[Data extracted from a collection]

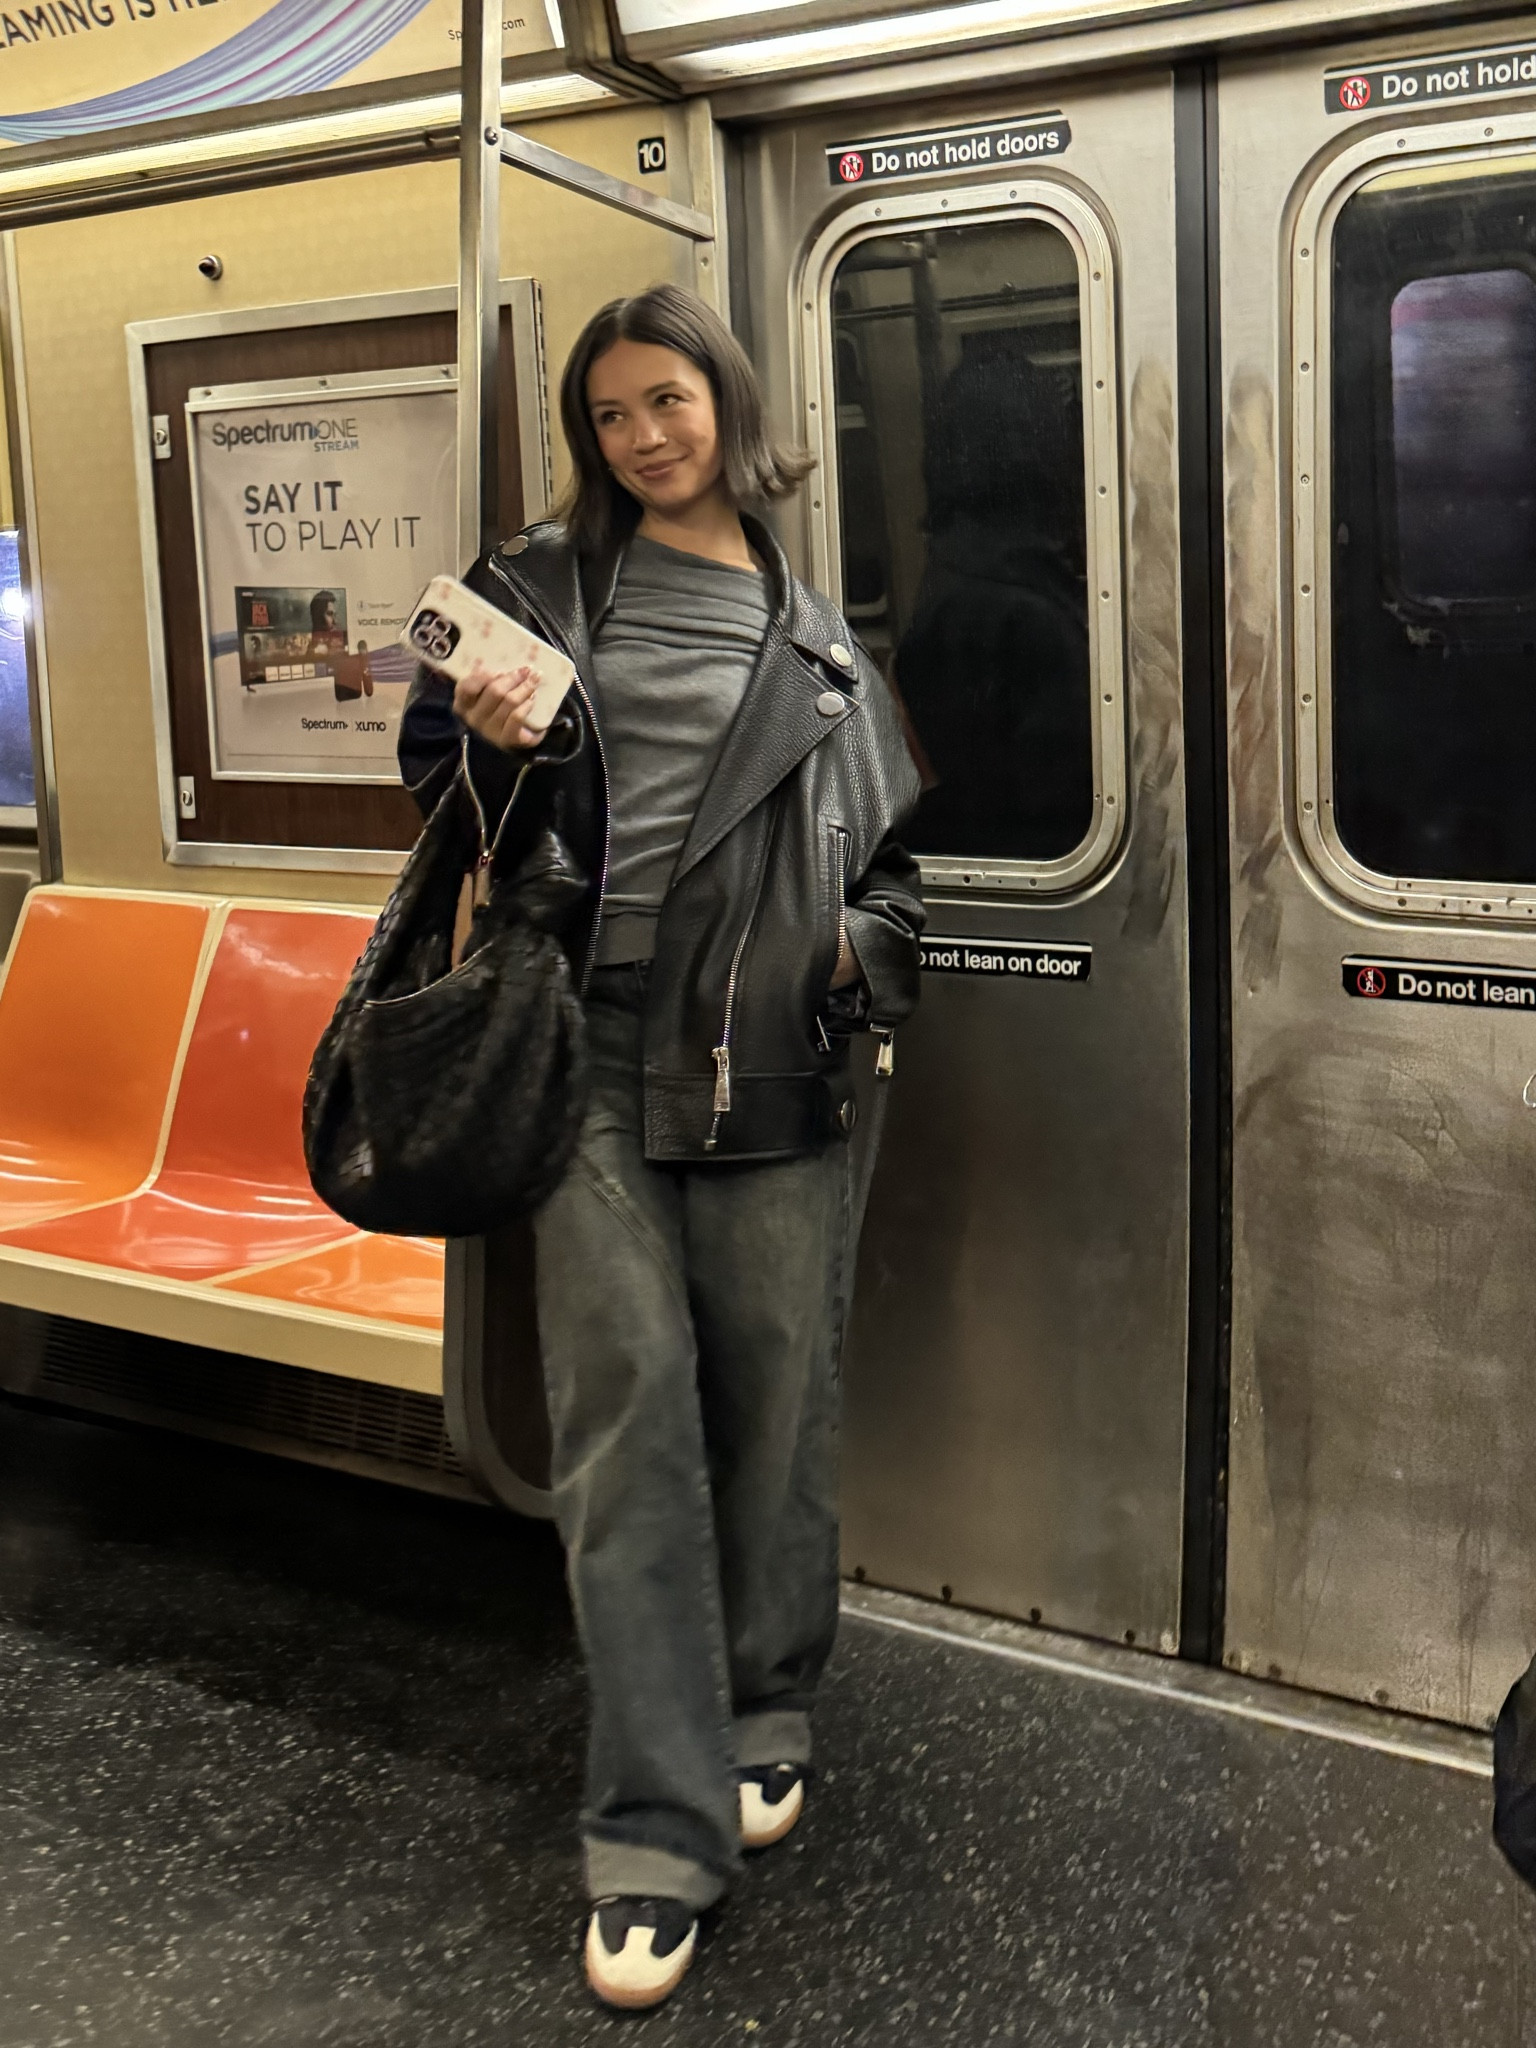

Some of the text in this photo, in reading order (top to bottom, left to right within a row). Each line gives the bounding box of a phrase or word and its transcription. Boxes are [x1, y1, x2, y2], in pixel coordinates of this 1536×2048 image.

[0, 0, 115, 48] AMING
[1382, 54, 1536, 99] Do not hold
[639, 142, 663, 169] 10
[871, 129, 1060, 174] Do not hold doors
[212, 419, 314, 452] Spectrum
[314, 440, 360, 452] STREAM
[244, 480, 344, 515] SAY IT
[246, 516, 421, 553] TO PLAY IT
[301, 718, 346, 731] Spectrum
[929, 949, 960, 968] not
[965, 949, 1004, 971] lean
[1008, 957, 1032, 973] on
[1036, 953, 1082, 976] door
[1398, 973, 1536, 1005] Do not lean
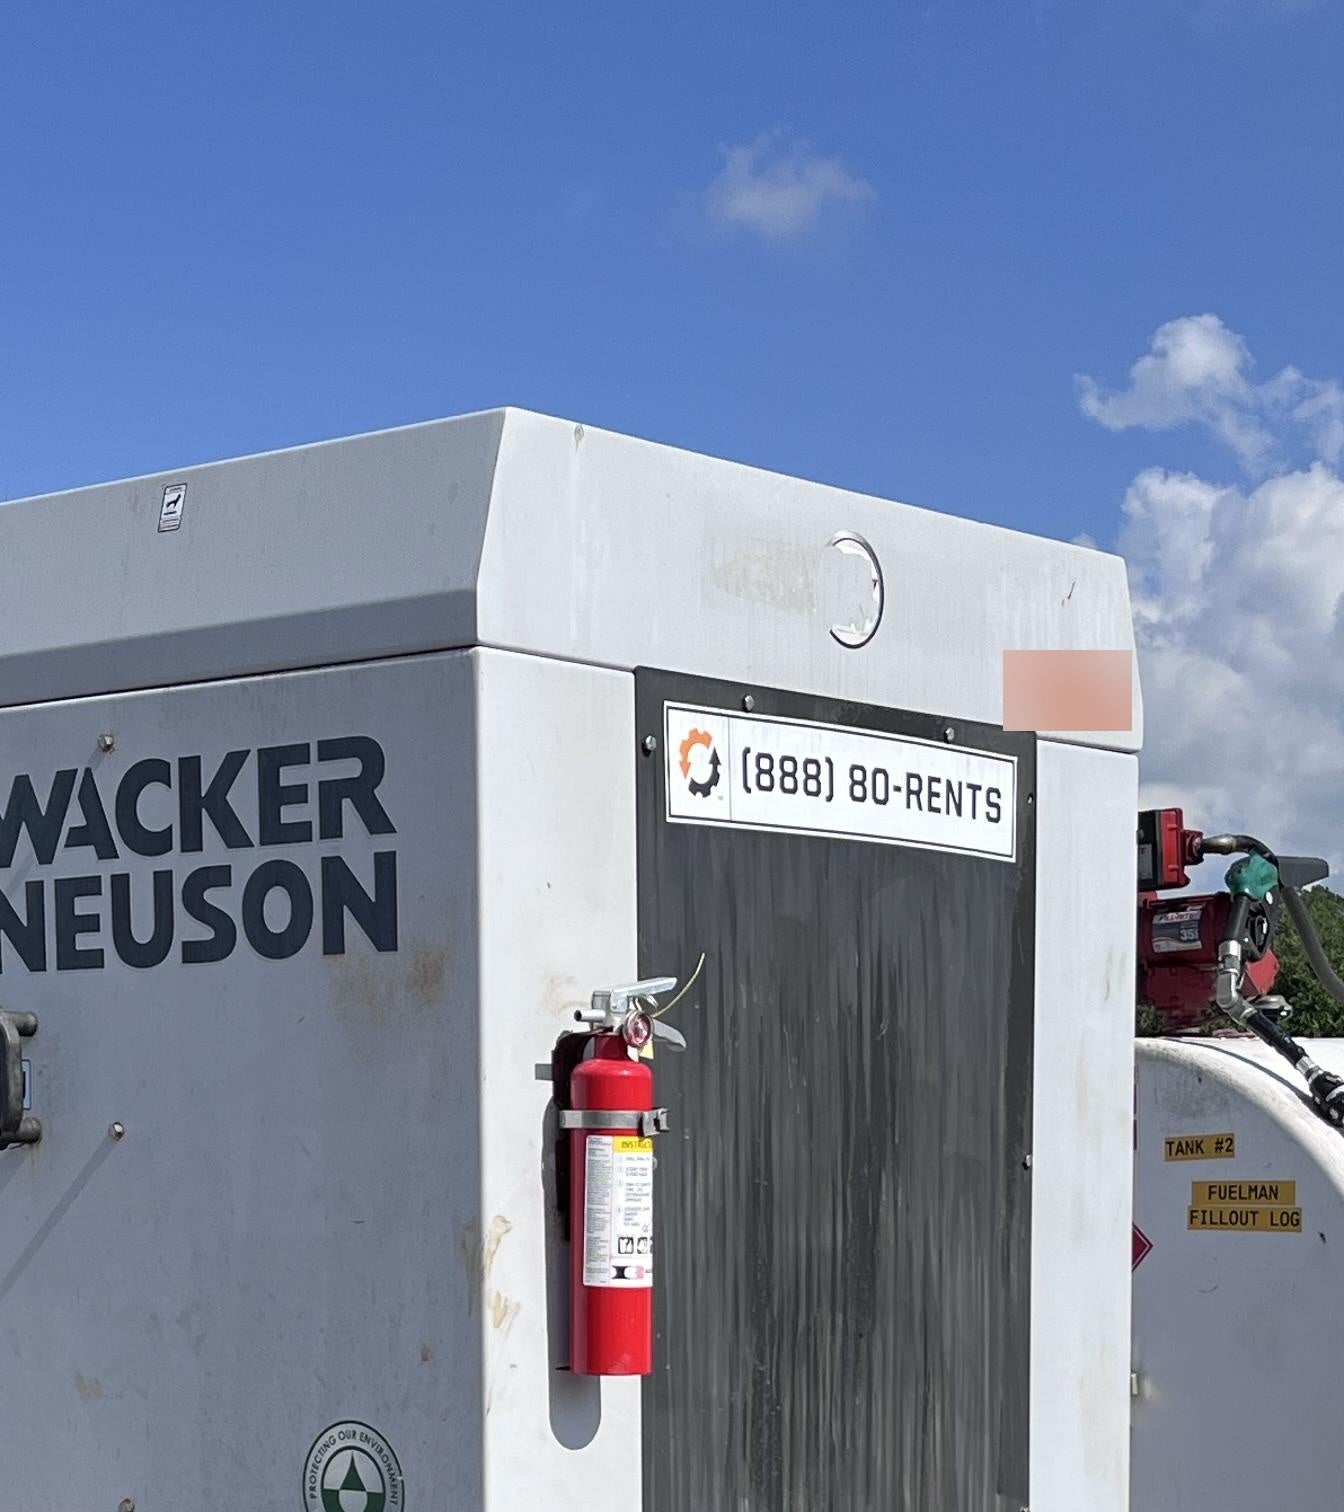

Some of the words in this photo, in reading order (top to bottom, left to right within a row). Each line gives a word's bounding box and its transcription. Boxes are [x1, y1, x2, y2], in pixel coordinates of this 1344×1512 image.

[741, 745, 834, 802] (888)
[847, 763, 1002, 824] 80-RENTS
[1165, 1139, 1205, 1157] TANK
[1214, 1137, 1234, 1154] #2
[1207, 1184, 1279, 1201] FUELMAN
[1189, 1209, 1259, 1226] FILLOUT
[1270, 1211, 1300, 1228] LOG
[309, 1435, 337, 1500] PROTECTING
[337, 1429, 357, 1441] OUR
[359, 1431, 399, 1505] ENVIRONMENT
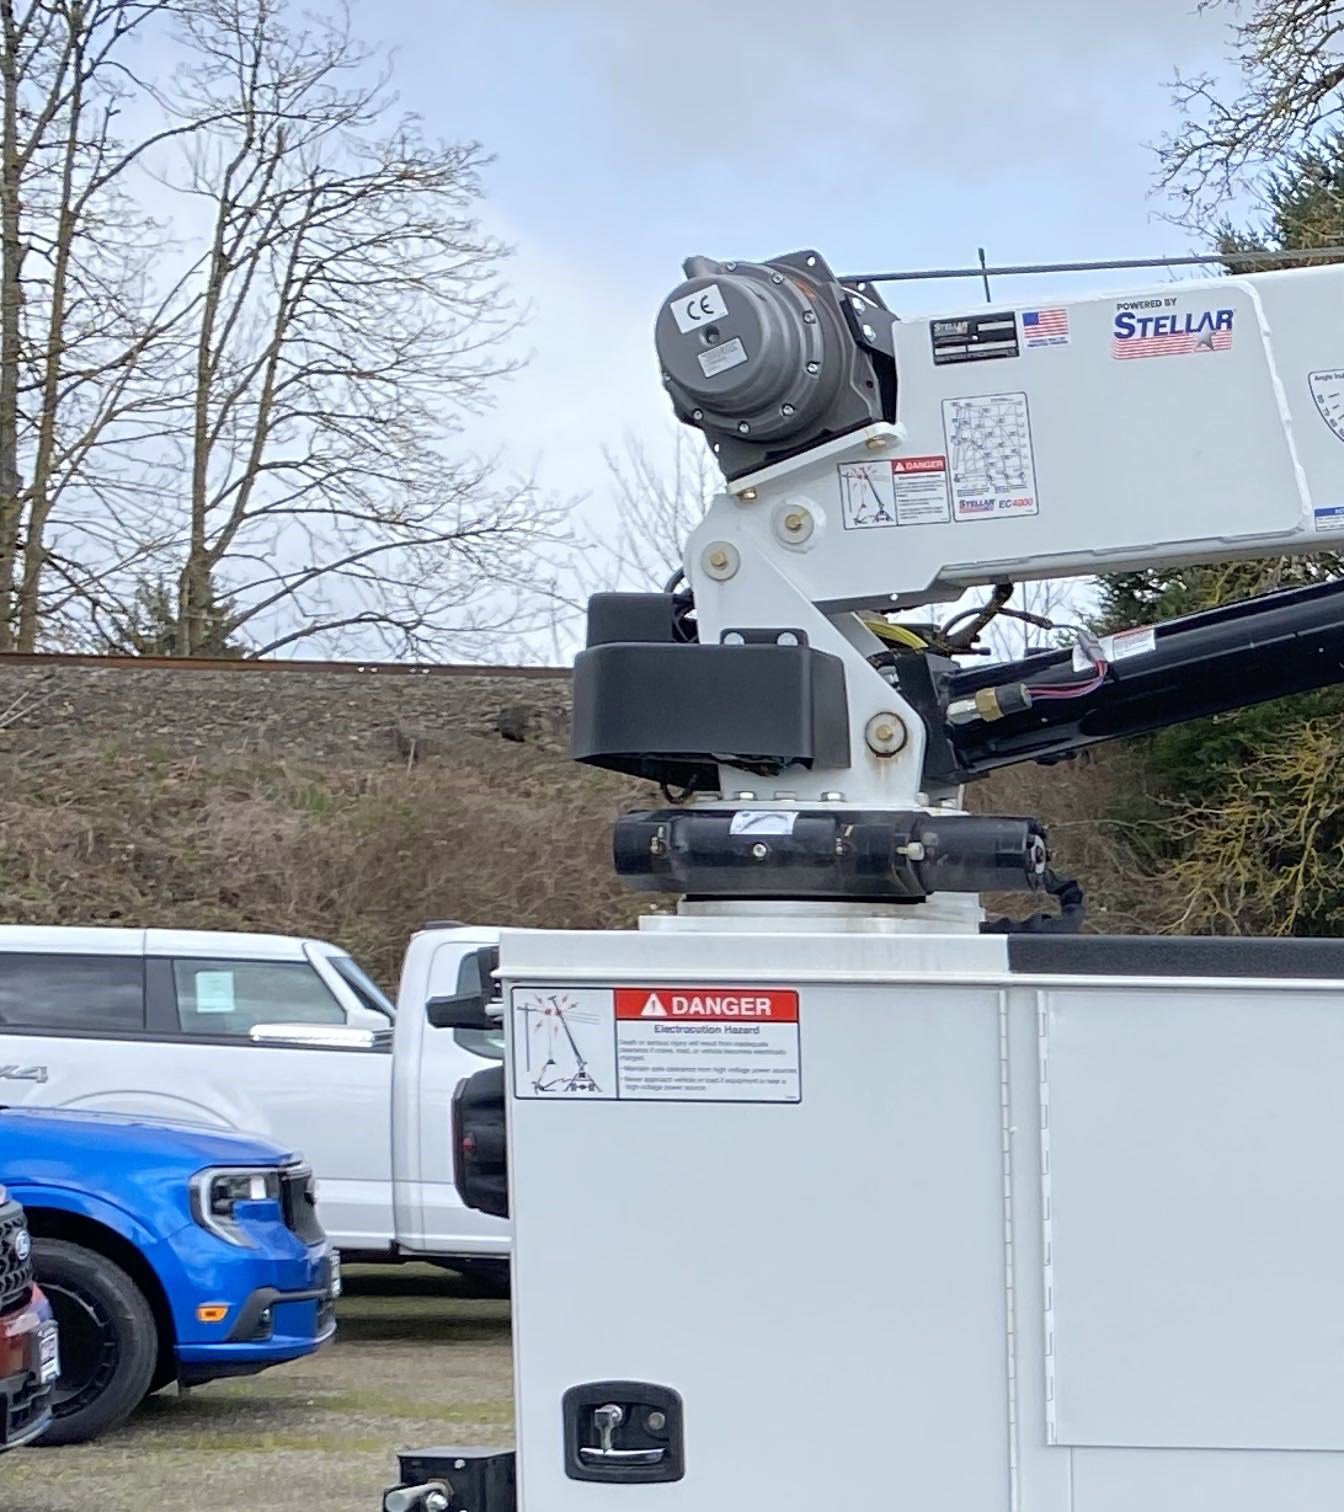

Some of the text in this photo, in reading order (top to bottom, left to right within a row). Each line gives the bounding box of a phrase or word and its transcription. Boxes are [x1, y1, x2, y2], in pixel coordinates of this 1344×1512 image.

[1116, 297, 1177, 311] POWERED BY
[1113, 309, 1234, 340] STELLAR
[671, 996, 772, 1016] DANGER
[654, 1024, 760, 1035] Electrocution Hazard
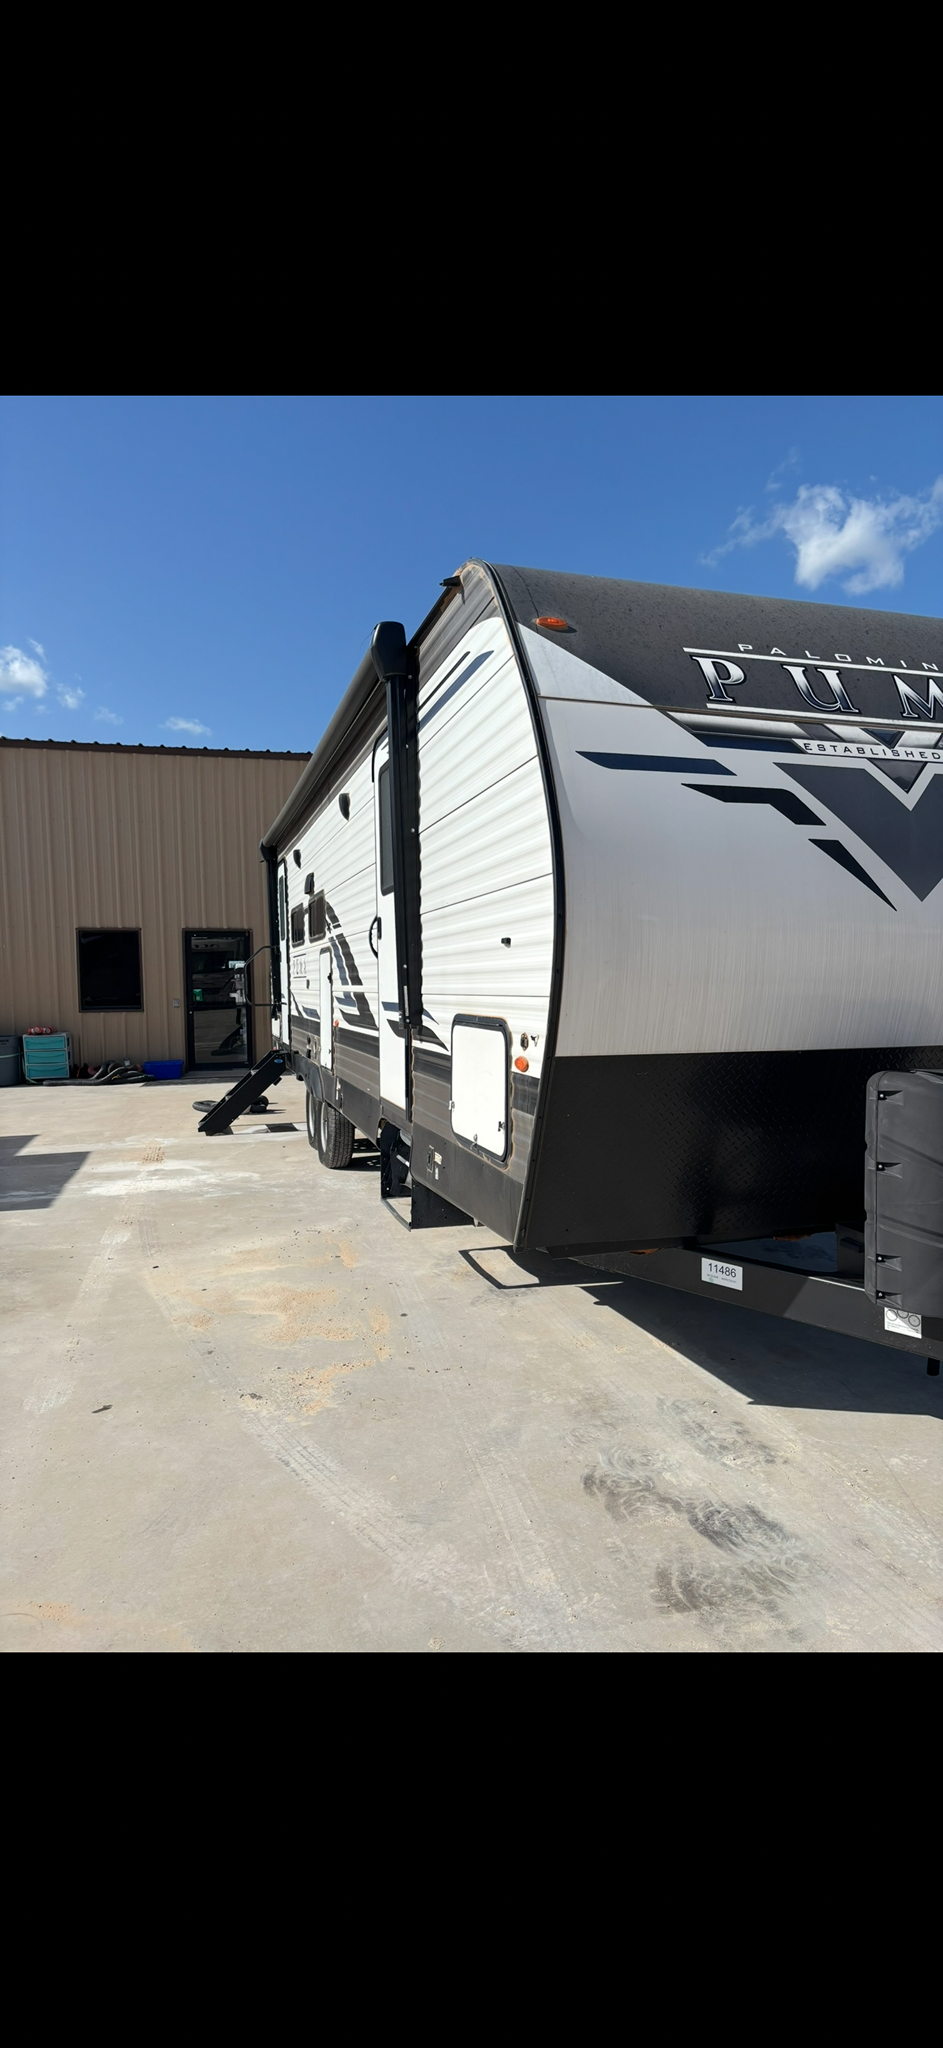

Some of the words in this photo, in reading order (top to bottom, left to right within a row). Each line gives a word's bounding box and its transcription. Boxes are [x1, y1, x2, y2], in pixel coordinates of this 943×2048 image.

Required action:
What the response needs is every entry, repeated exactly, and none of the pictures.

Task solution:
Some of the text in this photo, in reading order (top to bottom, left to right within a row). Each line gives the bounding box of a phrase or word and its transcription. Boxes are [x1, y1, x2, y2], in pixel coordinates of this 1536×2048 image.

[0, 0, 115, 48] AMING
[1382, 54, 1536, 99] Do not hold
[639, 142, 663, 169] 10
[871, 129, 1060, 174] Do not hold doors
[212, 419, 314, 452] Spectrum
[314, 440, 360, 452] STREAM
[244, 480, 344, 515] SAY IT
[246, 516, 421, 553] TO PLAY IT
[301, 718, 346, 731] Spectrum
[929, 949, 960, 968] not
[965, 949, 1004, 971] lean
[1008, 957, 1032, 973] on
[1036, 953, 1082, 976] door
[1398, 973, 1536, 1005] Do not lean

Some of the words in this photo, in reading order (top to bottom, left to right within a row). Each line gives a word's bounding box and its transcription. Boxes are [x1, y1, x2, y2], in pixel coordinates of this 1344×1512 image.

[741, 745, 834, 802] (888)
[847, 763, 1002, 824] 80-RENTS
[1165, 1139, 1205, 1157] TANK
[1214, 1137, 1234, 1154] #2
[1207, 1184, 1279, 1201] FUELMAN
[1189, 1209, 1259, 1226] FILLOUT
[1270, 1211, 1300, 1228] LOG
[309, 1435, 337, 1500] PROTECTING
[337, 1429, 357, 1441] OUR
[359, 1431, 399, 1505] ENVIRONMENT

Some of the text in this photo, in reading order (top to bottom, left to right within a row). Each line gives the bounding box of a phrase or word and its transcription. Boxes are [x1, y1, x2, y2], in pixel coordinates of this 1344×1512 image.

[1116, 297, 1177, 311] POWERED BY
[1113, 309, 1234, 340] STELLAR
[671, 996, 772, 1016] DANGER
[654, 1024, 760, 1035] Electrocution Hazard

Some of the words in this photo, in reading order (top to bottom, left to right within a row). Each line gives a word's bounding box and its transcription. Boxes are [x1, y1, x2, y2], in pixel coordinates of this 943×2048 image.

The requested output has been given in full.